There were three other options mentioned (by Mike Driscoll and by VZ):

  1. Store the font information in a tuple and pass this tuple to a create_font function each time a font is needed. For my taste this is too heavy; all users of the constants module need to know about the font-creation function, which should be a private implementation detail. It also adds a small amount of syntactic overhead all over the place.

  2. Use eval. The dangers of eval are well-known, and my personal policy is not to use it unless there’s no other way.

  3. Store the fonts as FontInfo objects and convert them to Font objects later. This could be done by passing the FontInfo to some constructor each time we want to use that font, as in option (1), or by constructing the Font objects en masse, as I’m doing in my eventual solution. Using the former approach has the same objections I mentioned for item (1).
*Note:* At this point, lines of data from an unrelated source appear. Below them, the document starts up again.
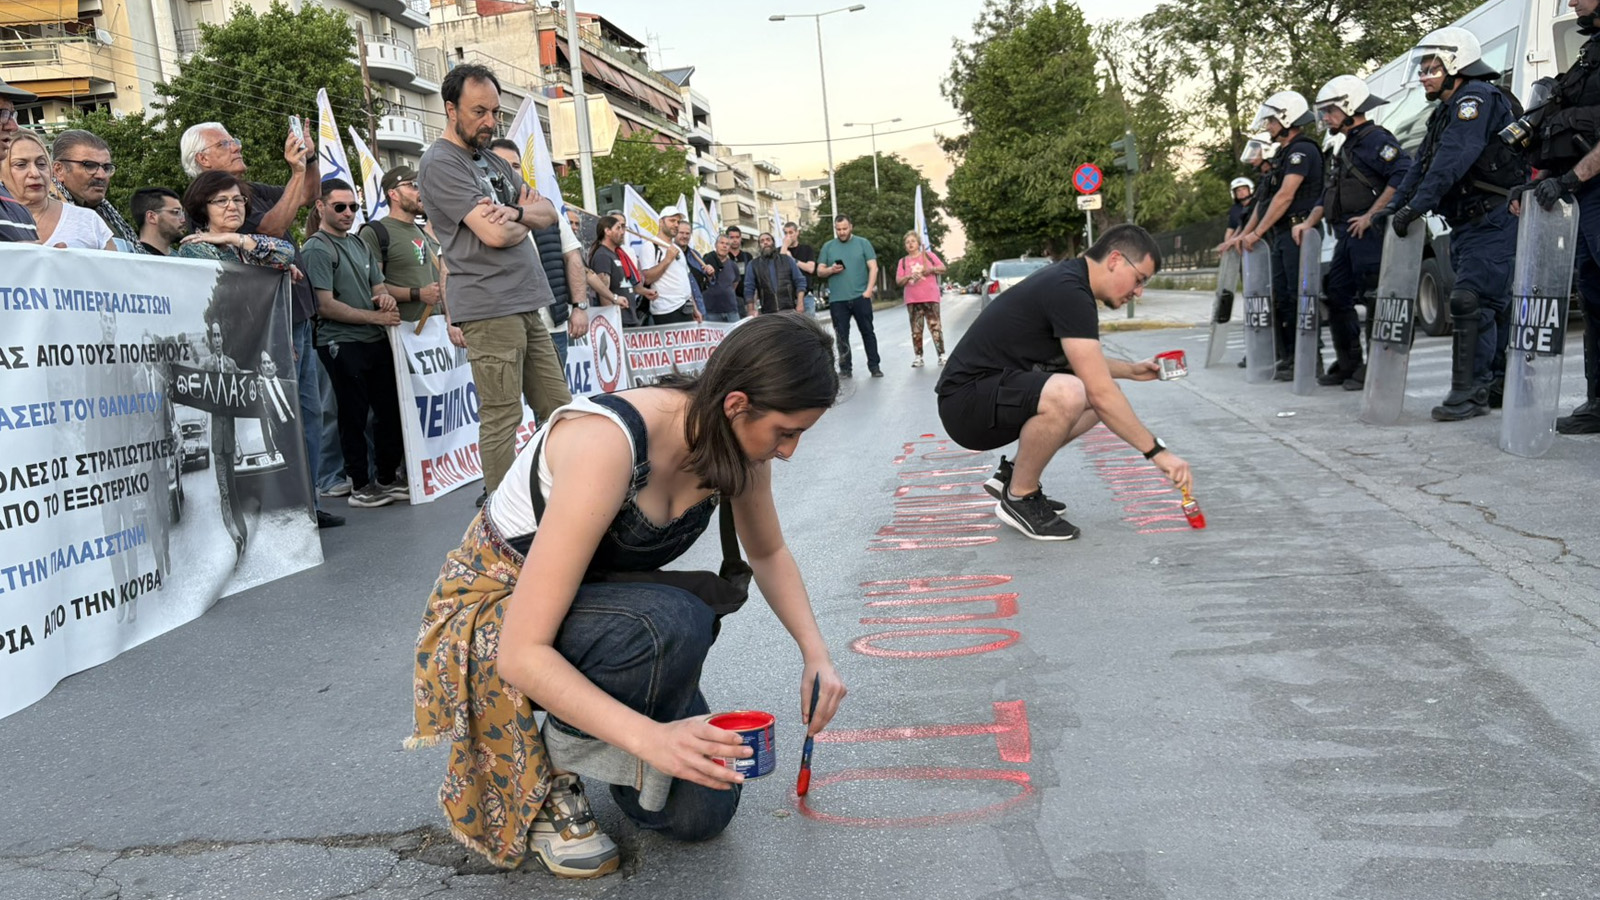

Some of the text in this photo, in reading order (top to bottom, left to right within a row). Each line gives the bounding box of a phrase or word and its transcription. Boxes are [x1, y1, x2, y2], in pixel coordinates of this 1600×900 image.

[0, 287, 171, 315] ΤΩΝ ΙΜΠΕΡΙΑΛΙΣΤΩΝ
[37, 344, 74, 367] ΑΠΟ
[77, 344, 116, 365] ΤΟΥΣ
[120, 343, 190, 363] ΠΟΛΕΜΟΥΣ
[60, 398, 95, 422] ΤΟΥ
[98, 392, 162, 418] ΘΑΝΑΤΟΥ
[51, 456, 69, 481] ΟΙ
[75, 438, 175, 476] ΣΤΡΑΤΙΩΤΙΚΕΣ
[44, 493, 59, 518] ΤΟ
[64, 472, 149, 511] ΕΞΩΤΕΡΙΚΟ
[0, 523, 147, 594] ΤΗΝ ΠΑΛΑΙΣΤΙΝΗ
[44, 604, 66, 639] ΑΠΟ
[70, 588, 115, 620] ΤΗΝ
[120, 569, 162, 604] ΚΟΥΒΑ
Using the latter approach is basically what I’m doing, but with an extra layer of indirection.

OTHER TIPS

You have a couple of options. One really easy way to do it is to change the constants into tuples instead of wx.Font objects:

heading_font = (12, wx.SWISS, wx.NORMAL, wx.BOLD, 'LucidaGrande')

Then when you import it, you can do something like this:

#----------------------------------------------------------------------
def create_font(data):
    """"""
    size, family, style, weight, face = data
    font = wx.Font(size, family, style, weight, face=face)
    return font


########################################################################
class MyPanel(wx.Panel):
    """"""

    #----------------------------------------------------------------------
    def __init__(self, parent):
        """Constructor"""
        wx.Panel.__init__(self, parent)

        print type(gui_constants.heading_font)
        print create_font(gui_constants.heading_font)

An alternative you could try is using Python's eval. If you did it this way, you would want to store your constants as strings, like this:

heading_font = "wx.Font(12, wx.SWISS, wx.NORMAL, wx.BOLD, face='LucidaGrande')"

Then in your wxPython code, you'd do something like this:

########################################################################
class MyPanel(wx.Panel):
    """"""

    #----------------------------------------------------------------------
    def __init__(self, parent):
        """Constructor"""
        wx.Panel.__init__(self, parent)

        print type(eval(gui_constants.heading_font))

Note that eval has a small danger in that if the user is allowed to modify the gui_constants file, they could insert malicious code. If they cannot modify it, then there isn't much of a danger at all.